**What needs to be done:**
Restate the listing below word for word; no pictures belong in the copy.

==*==

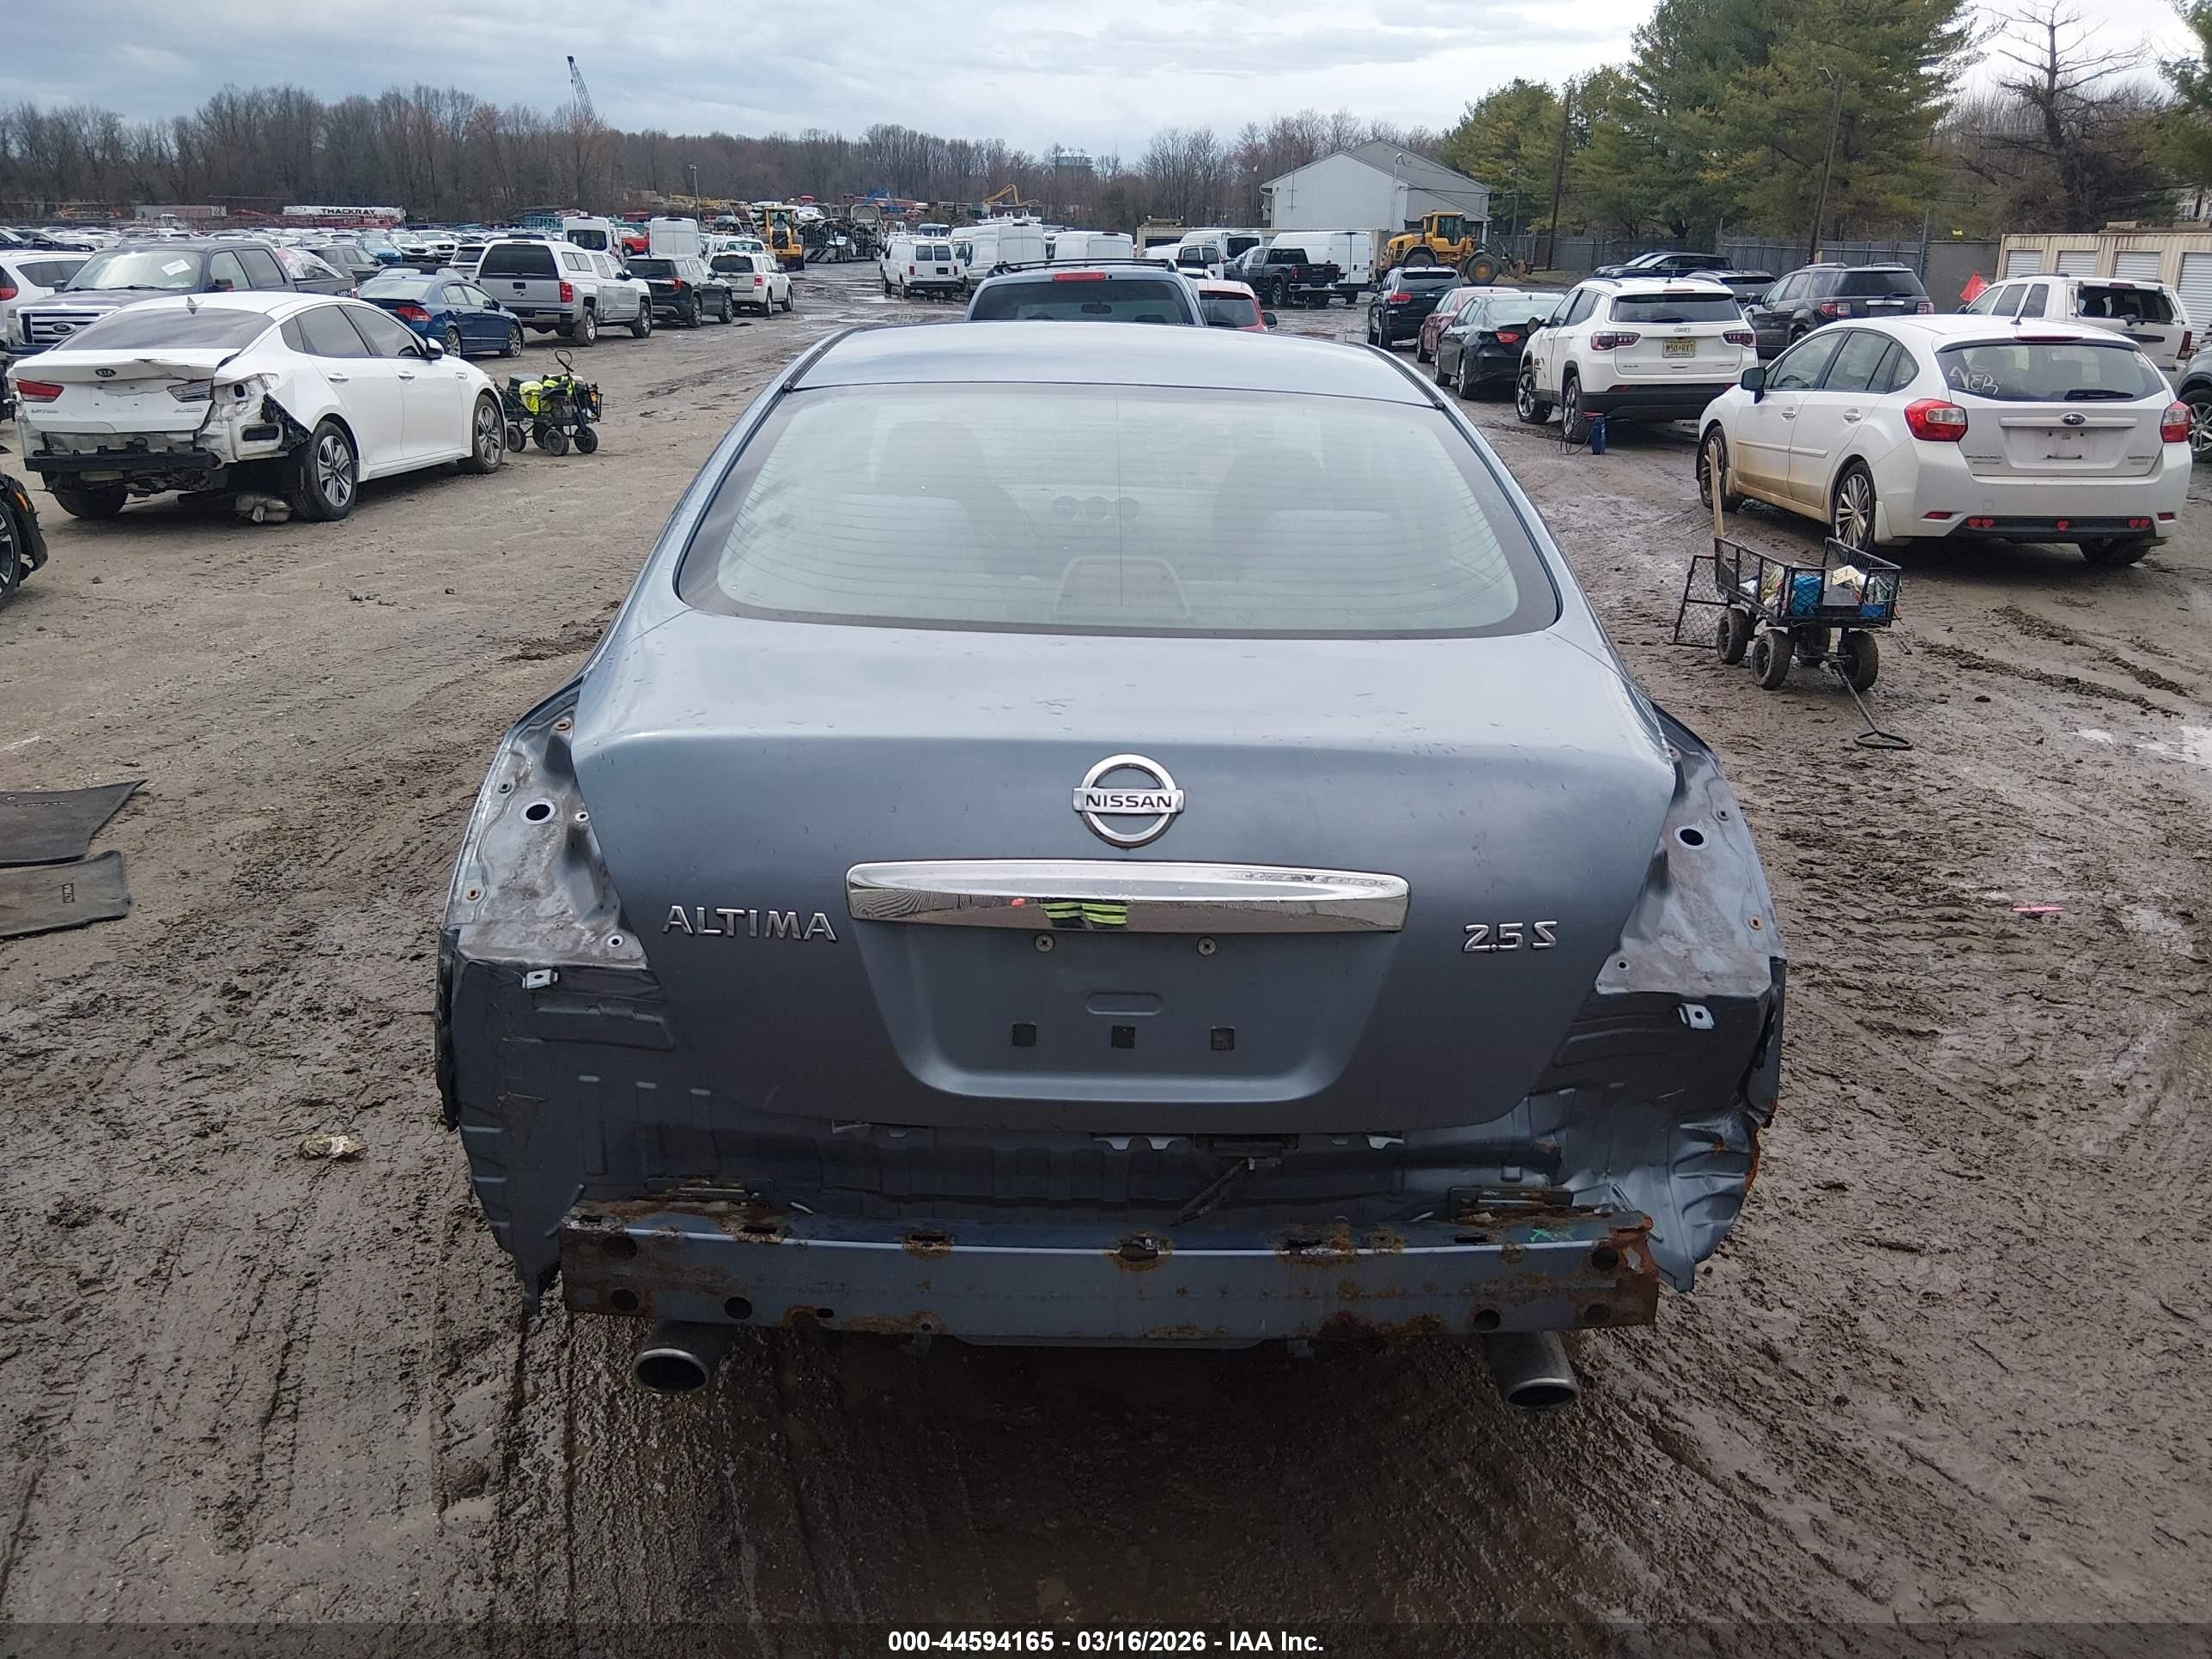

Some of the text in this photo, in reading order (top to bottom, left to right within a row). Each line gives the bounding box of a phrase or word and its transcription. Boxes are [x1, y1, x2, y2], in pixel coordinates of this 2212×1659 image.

[1085, 794, 1172, 808] NISSAN
[662, 905, 837, 942] ALTIMA
[1531, 921, 1558, 948] S
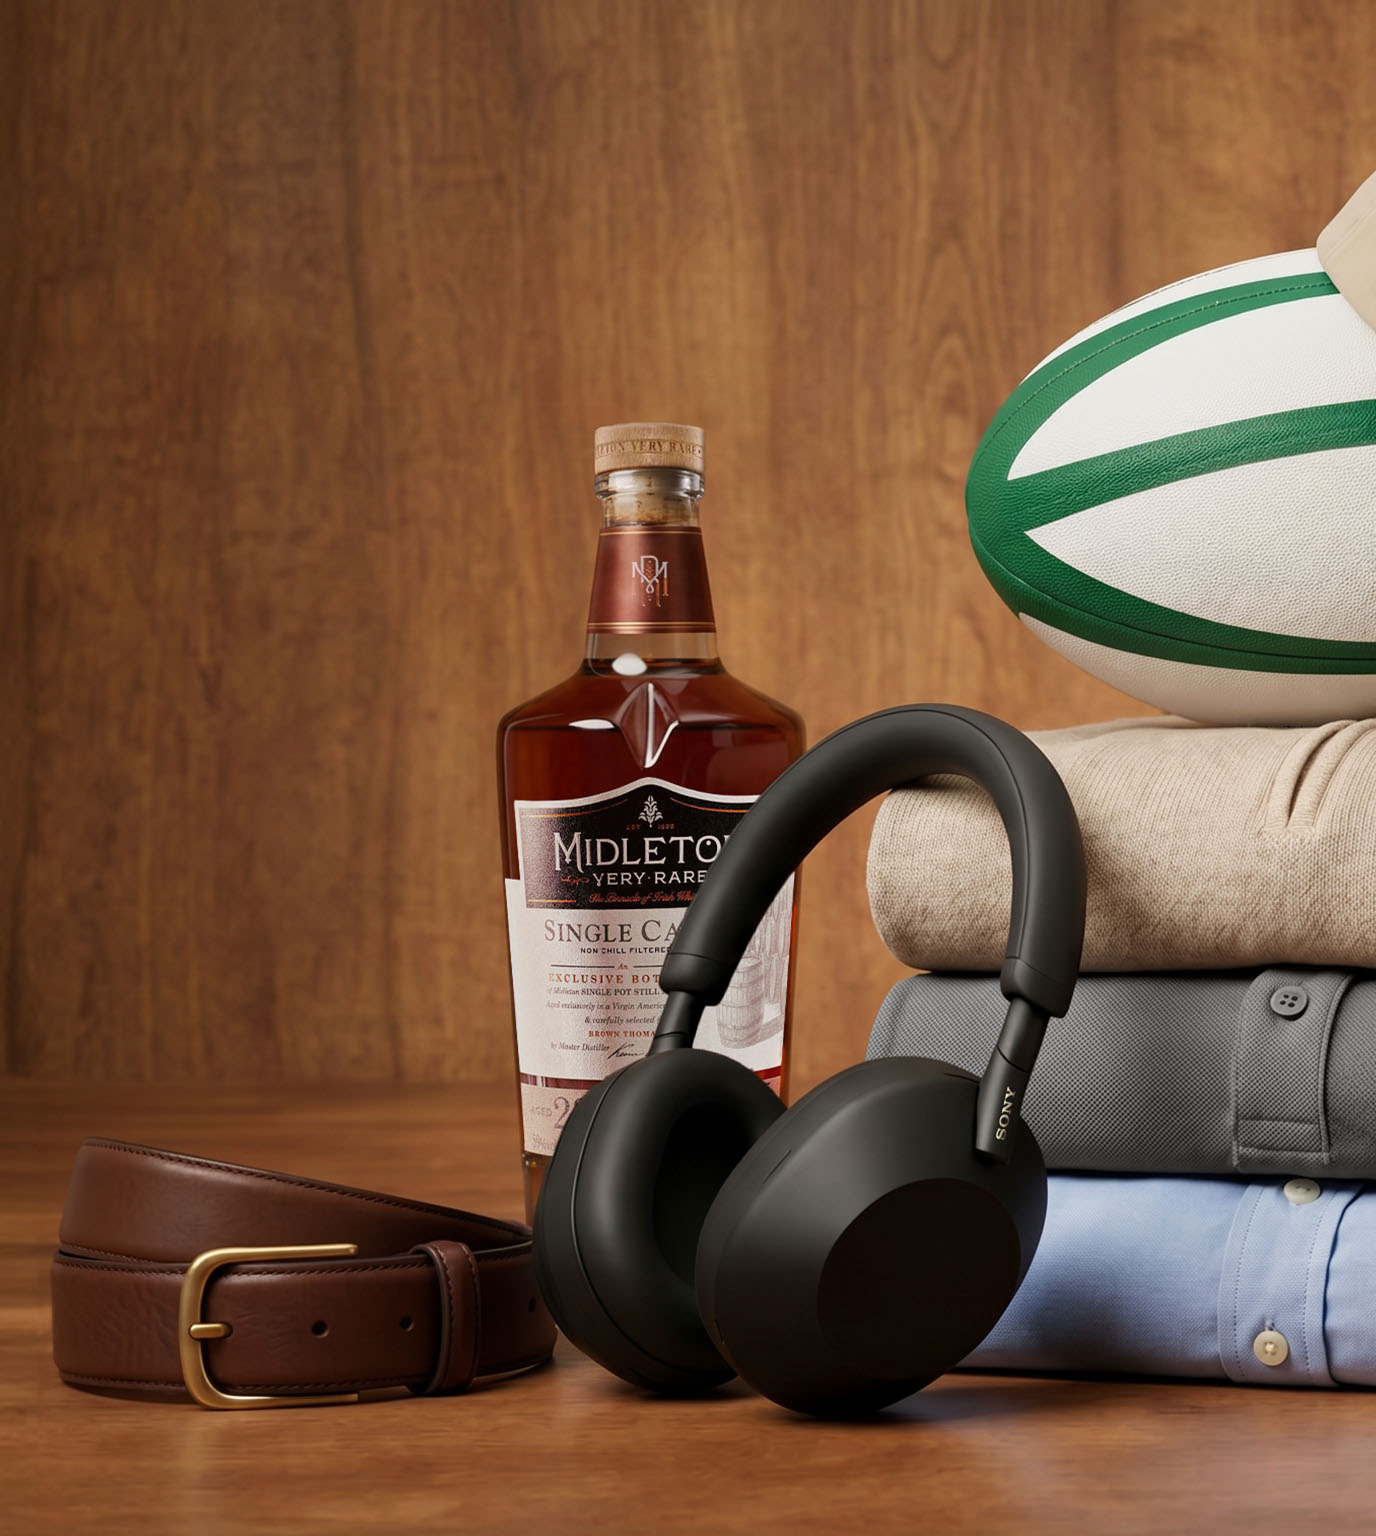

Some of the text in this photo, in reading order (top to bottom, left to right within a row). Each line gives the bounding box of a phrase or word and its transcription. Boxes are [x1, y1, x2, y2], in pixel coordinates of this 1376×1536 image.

[544, 919, 681, 942] SINGLE CA
[548, 973, 660, 984] EXCLUSIVE BOT
[581, 987, 612, 996] SINGLE
[614, 987, 632, 996] POT
[634, 987, 660, 996] STILL
[638, 1001, 665, 1010] Americ
[588, 1030, 656, 1038] BROWN THOMA
[995, 1086, 1016, 1141] SONY
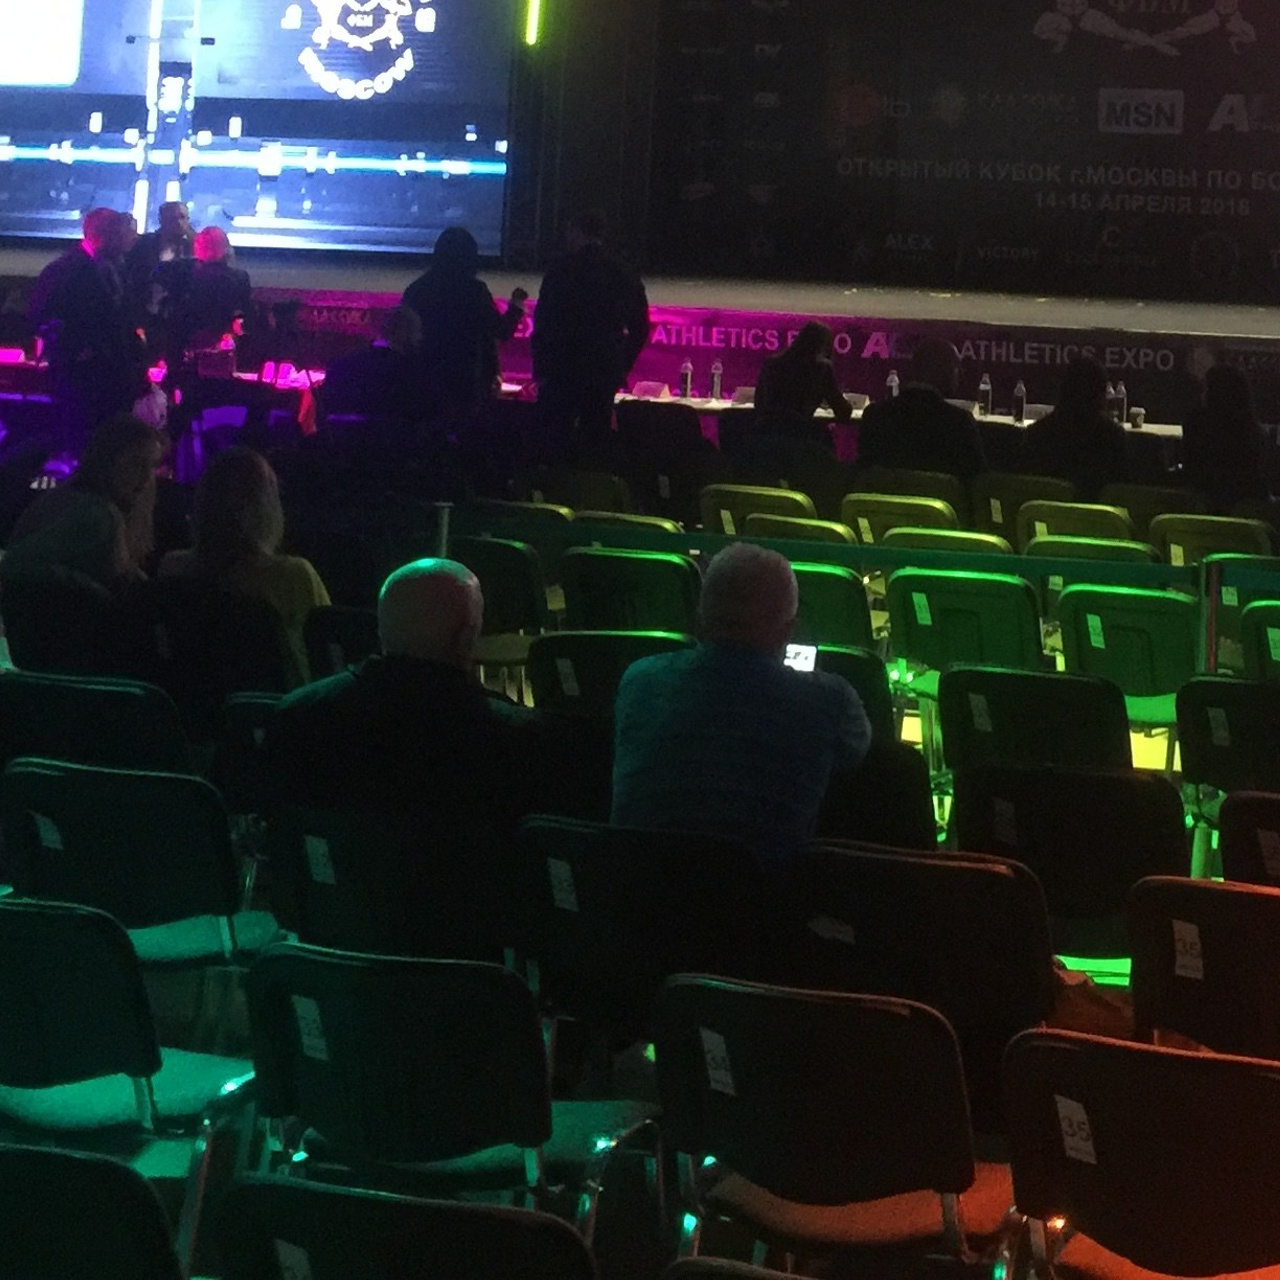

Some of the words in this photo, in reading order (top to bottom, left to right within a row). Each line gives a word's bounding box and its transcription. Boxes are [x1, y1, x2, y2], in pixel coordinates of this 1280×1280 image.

==*==

**Answer box:**
Some of the text in this photo, in reading order (top to bottom, left to right within a row). Each line gives the bounding box of a phrase or word and its transcription. Boxes are [x1, y1, x2, y2], in pixel coordinates of this 2212×1659 image.

[1085, 794, 1172, 808] NISSAN
[662, 905, 837, 942] ALTIMA
[1531, 921, 1558, 948] S

Some of the text in this photo, in reading order (top to bottom, left to right within a row). Each line gives the bounding box of a phrase or word and its transcription. Boxes are [x1, y1, x2, y2], in pixel coordinates of this 1376×1536 image.

[544, 919, 681, 942] SINGLE CA
[548, 973, 660, 984] EXCLUSIVE BOT
[581, 987, 612, 996] SINGLE
[614, 987, 632, 996] POT
[634, 987, 660, 996] STILL
[638, 1001, 665, 1010] Americ
[588, 1030, 656, 1038] BROWN THOMA
[995, 1086, 1016, 1141] SONY

Some of the words in this photo, in reading order (top to bottom, left to right within a row). Each line gives a word's bounding box and its transcription. Boxes are [x1, y1, x2, y2], in pixel coordinates of this 1280×1280 image.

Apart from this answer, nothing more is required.